/
kencha Security Policy

kencha Security Policy

This document explains our security policy. While it’s not possible to guarantee that incidents will never happen, we work diligently to keep your data secure.

Data handling of your data

Please see our Privacy Policy concerning how we manage your data.

Our approach to develop secure software

We conduct code reviews to detect vulnerabilities prior to merging and deployment. Additionally we validate and routinely review permissions for all managed resources and we manage all code changes using Git, providing a clear and auditable history for production releases.

Our approach to keep secure communications

We apply modern security best practices to safeguard data, including SSH key-based server access, encrypted HTTPS/TLS communications, and the prohibition of clear-text data transmission.

Our approach to keep data secure

Our websites are hosted on IONOS SE, while our cloud applications and storage are hosted on the Atlassian Cloud Service.

All data is encrypted at rest and in transit. Employee devices and backup media are secured using full-disk encryption technologies such as Apple FileVault 2.

Data hosting of your data

Please see our Privacy Policy concerning how we store your data.

How we handle a vulnerability

Important: If you notice a vulnerability, please submit a report to Report Incident

  • If a vulnerability is confirmed, we notify Atlassian.

  • If a breach results in unauthorized access to or alteration of customer data, we notify the relevant GDPR authority within 72 hours: Hessische Beauftragte für Datenschutz und Informationsfreiheit (poststelle@datenschutz.hessen.de).

  • If an external party gains access to or modifies customer data, we also inform the affected customers directly.

  • If a breach allows only users within the same customer account to access or modify data they are not permitted to (a permission violation), we determine whether to notify customers via release notes when delivering the next version, or to contact them directly.

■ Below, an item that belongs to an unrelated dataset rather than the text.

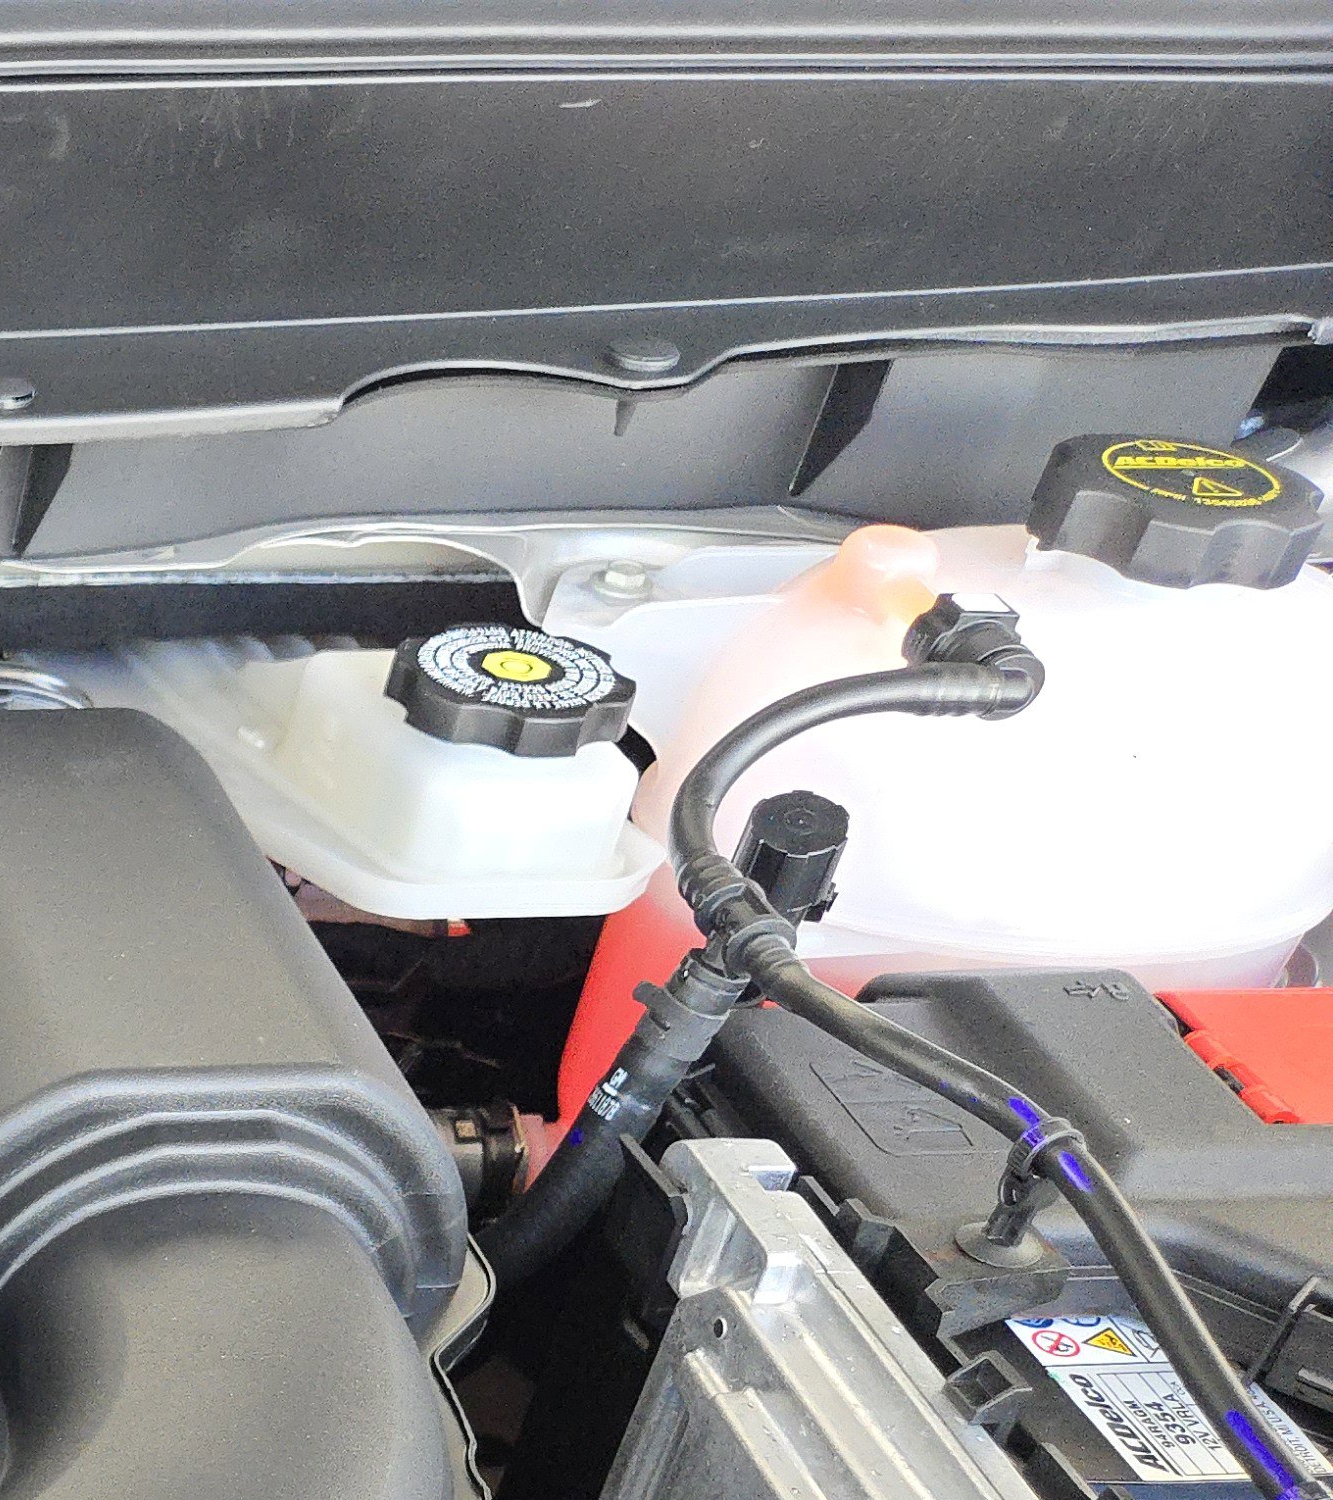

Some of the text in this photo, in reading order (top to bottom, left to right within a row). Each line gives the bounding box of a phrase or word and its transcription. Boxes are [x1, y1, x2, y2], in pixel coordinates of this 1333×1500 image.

We detect vulnerabilities through penetration testing and automated dependency scanning tools, including npm audit and Maven Dependency Check, which is based on NIST and OWASP vulnerability data.

Please note that automated tools frequently flag potential issues in widely used industry libraries, regardless of whether our software is actually affected. As a result, we do not publish a report for every alert. Instead, we either upgrade the affected library or ensure that our software does not use the vulnerable feature. Our release process prevents any software from being deployed until these issues are resolved.

If a vulnerability appears critical—specifically, if it could allow unauthorized access to or modification of customer data—we investigate its potential impact on customer data and follow the incident response process described above.